We’d already had a bit of a moment, she and I, at a session you didn’t attend. She talked about how, when there was an angel whispering into one of her ears and a demon in the other, it was invariably the demon’s excoriations she took to heart. I asked why. She went into a convoluted anecdote about her childhood. I politely (it seemed to me) noted that she was getting off track. We repeated the whole process. The second time I interrupted her reverie to insist, “But why is it the demon you listen to?” she went into a frightful rage. Her eyes bulged. She trembled. “If I fucking knew why,” she demanded loudly enough to move the little travel alarm clock the psychotherapist keeps on the little table before her so she can stop us at exactly 10.30, “do you think I’d still do it?”
She apparently thought I was rebuking for not doing the more sensible thing. Not so. I was asking because I do the same – discount any praise I might receive (though I am surely the world’s most implacable praise junkie) and experience every faintest criticism as a knife in my throat. It was the self-sidetracking to which I objected.
Fair enough. I very commonly get things very wrong, very commonly manage to say very stupid things even with my foot securely in my mouth. I often say that the reason I’m so good at apologising is that I have so much to apologise for.

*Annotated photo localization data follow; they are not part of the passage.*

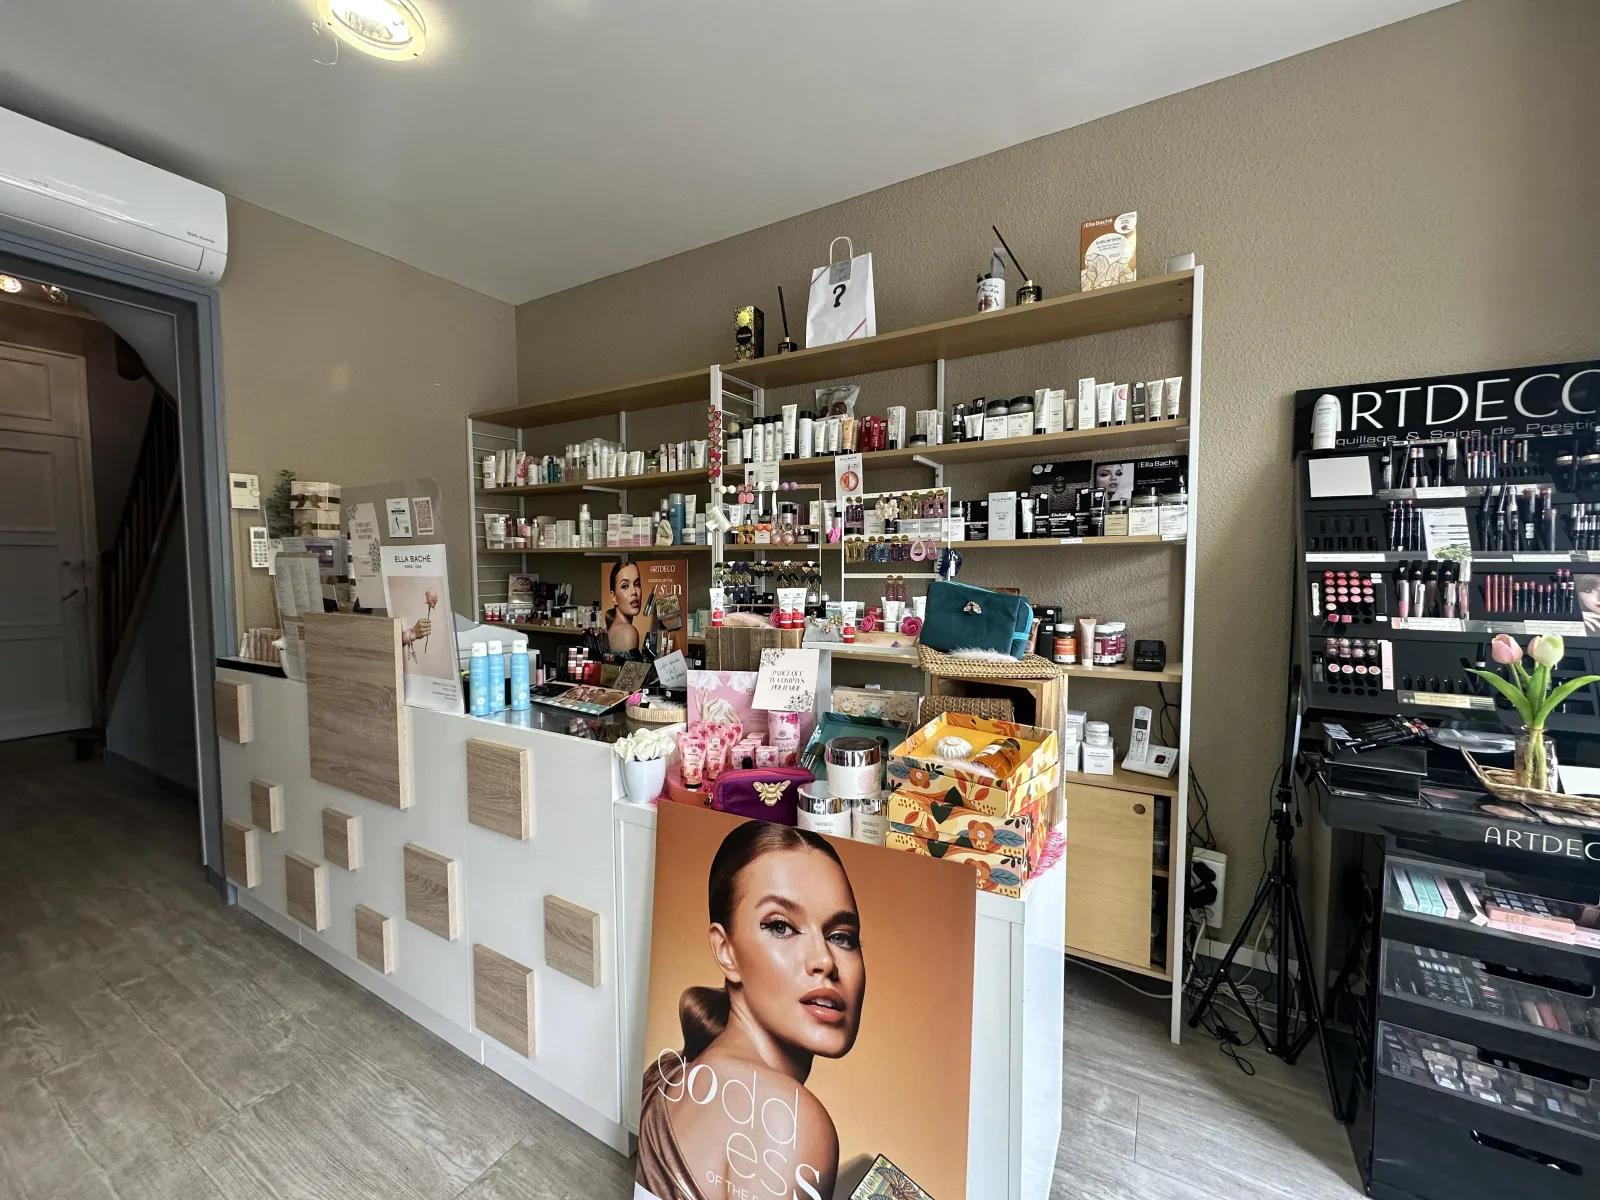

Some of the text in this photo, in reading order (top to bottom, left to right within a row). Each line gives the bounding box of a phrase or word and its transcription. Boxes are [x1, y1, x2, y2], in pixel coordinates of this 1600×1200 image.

[833, 283, 847, 308] ?
[1336, 435, 1397, 446] quillage
[1406, 431, 1421, 441] &
[1430, 428, 1482, 439] Soins
[1492, 425, 1515, 436] de
[1154, 459, 1179, 467] Baché
[410, 554, 431, 562] BACHÉ
[650, 564, 676, 573] ARTDECO
[659, 583, 682, 595] sun
[706, 1170, 723, 1187] OF

But no apology from our hideous Gothic self-harmer, who, in subsequent sessions, became more and more openly contemptuous of my practical cognitive-therapy-style suggestions to Young Chef, suggestions to get him through the day. I was trying to put a plaster (Band-Aid, you see) on life-threatening wounds, she accused. I was being insufferably masculine and – let it be said! – American.

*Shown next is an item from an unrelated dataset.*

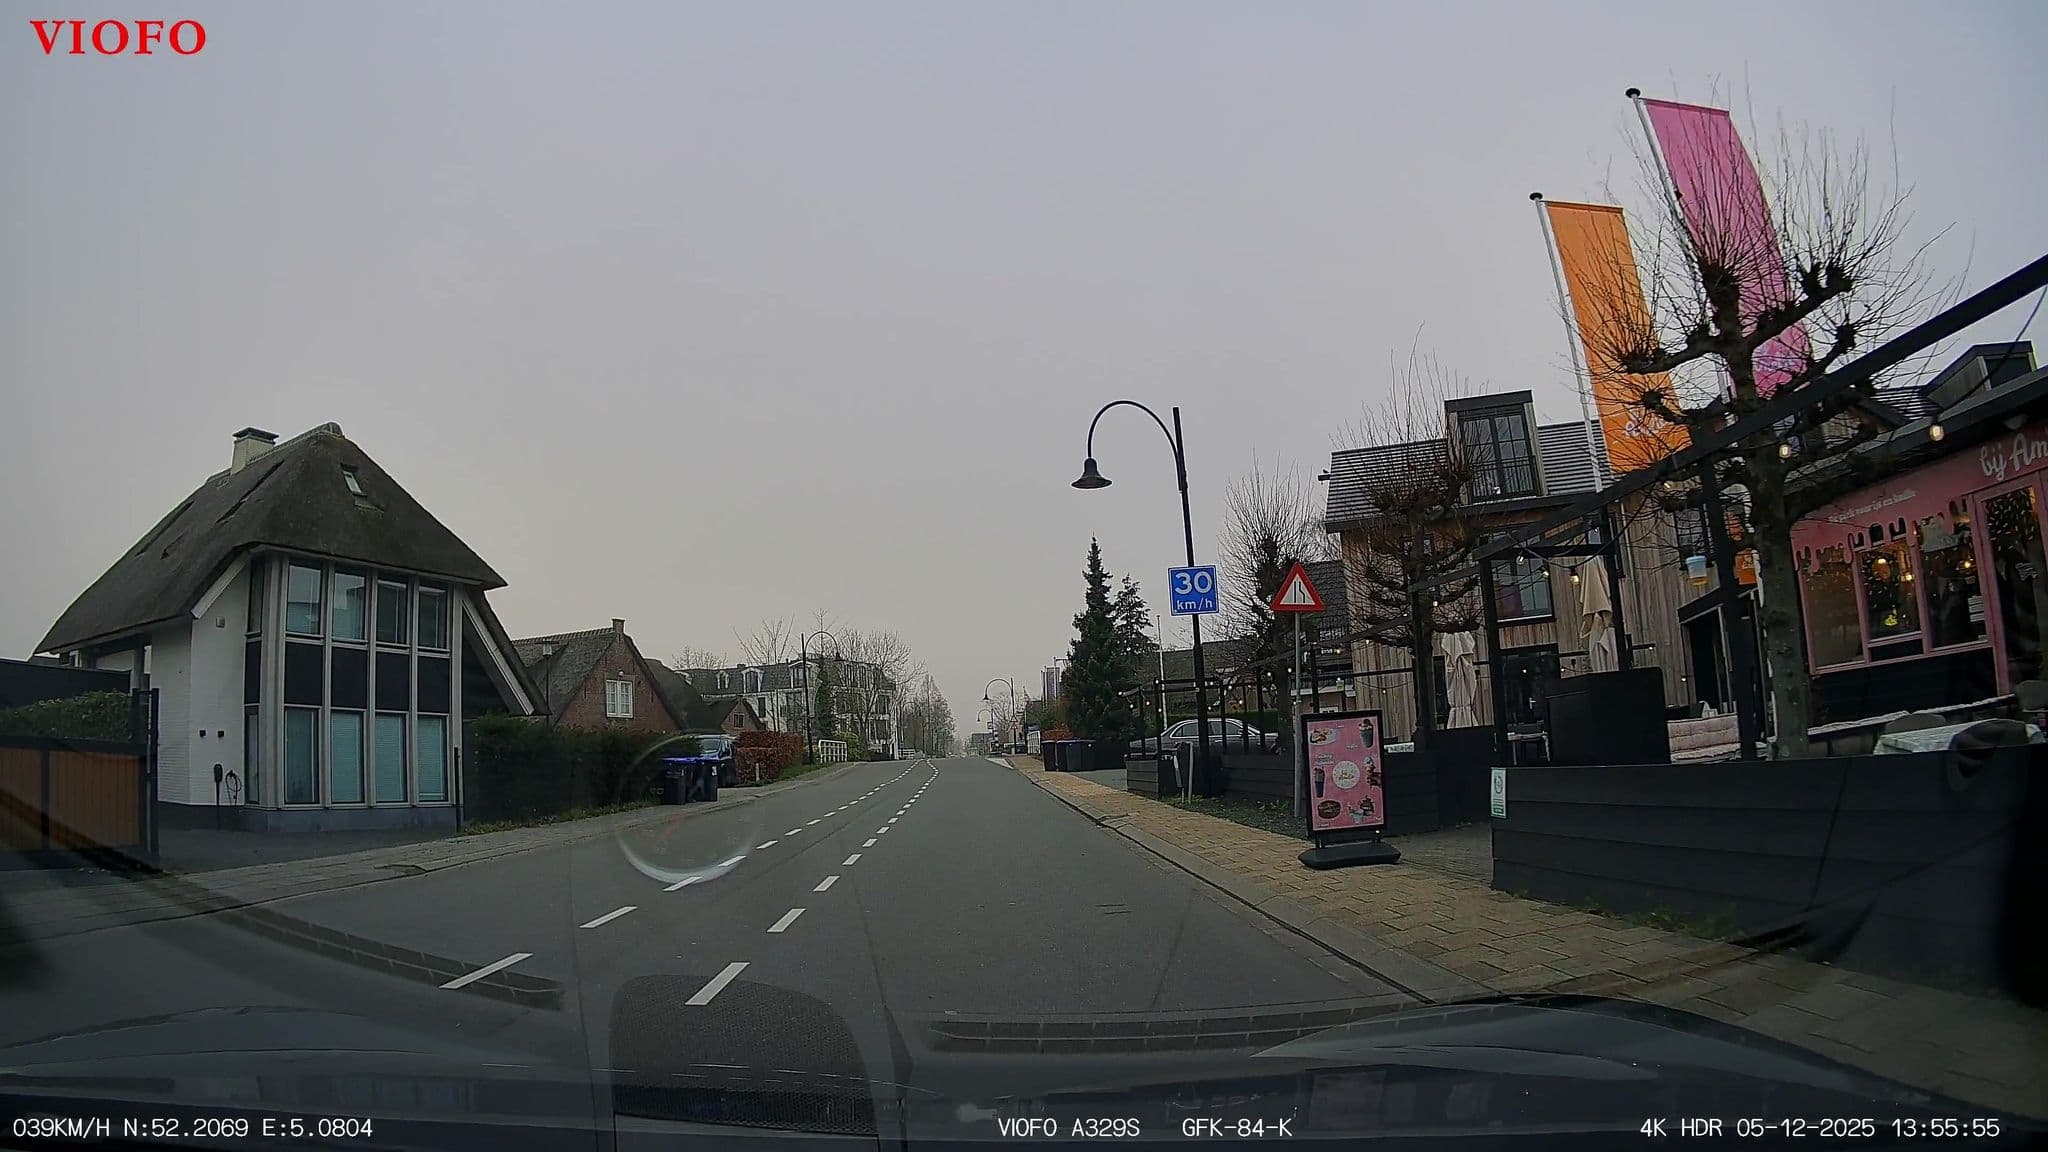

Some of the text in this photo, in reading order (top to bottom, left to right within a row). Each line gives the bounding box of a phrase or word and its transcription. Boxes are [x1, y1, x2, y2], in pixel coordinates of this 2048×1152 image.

Well, goodbye then, hideous 50-year-old self-harmer. Keep talking it out, gal. Keep imagining that the wealth of insights you might achieve in the course of psychotherapy is going to have the slightest effect on the way you actually feel. See what effect your intellectual breakthroughs have on your own ravaged forearms. And a pox on ye.
Finally, goodbye, psychotherapist. I appreciate that detachment is necessary, but not since the Warren Beatty lookalike I consulted in my early 20s, at the height of my wealth ‘n’ fame, have I encountered one who exhibited so few signs of life, let alone compassion. I didn’t even find your insights very insightful
A note on denial. Guilty as charged, madam, and for no reason other than that I find it works better than anything else I’ve tried. When I begin feeling glum and hopeless, I say to myself, “Yo, Johnny, this makes no sense in view of your being a happy person,” or literally force myself to smile as hugely as my crumbling old features can manage. Either way, a neurological signal gets sent to my brain, which, if things are going well, then cancels, or at least postpones, its order for nearly unendurable despair, and Johnny survives another day, often even joyfully.
The boy can function; it’s a meerkle!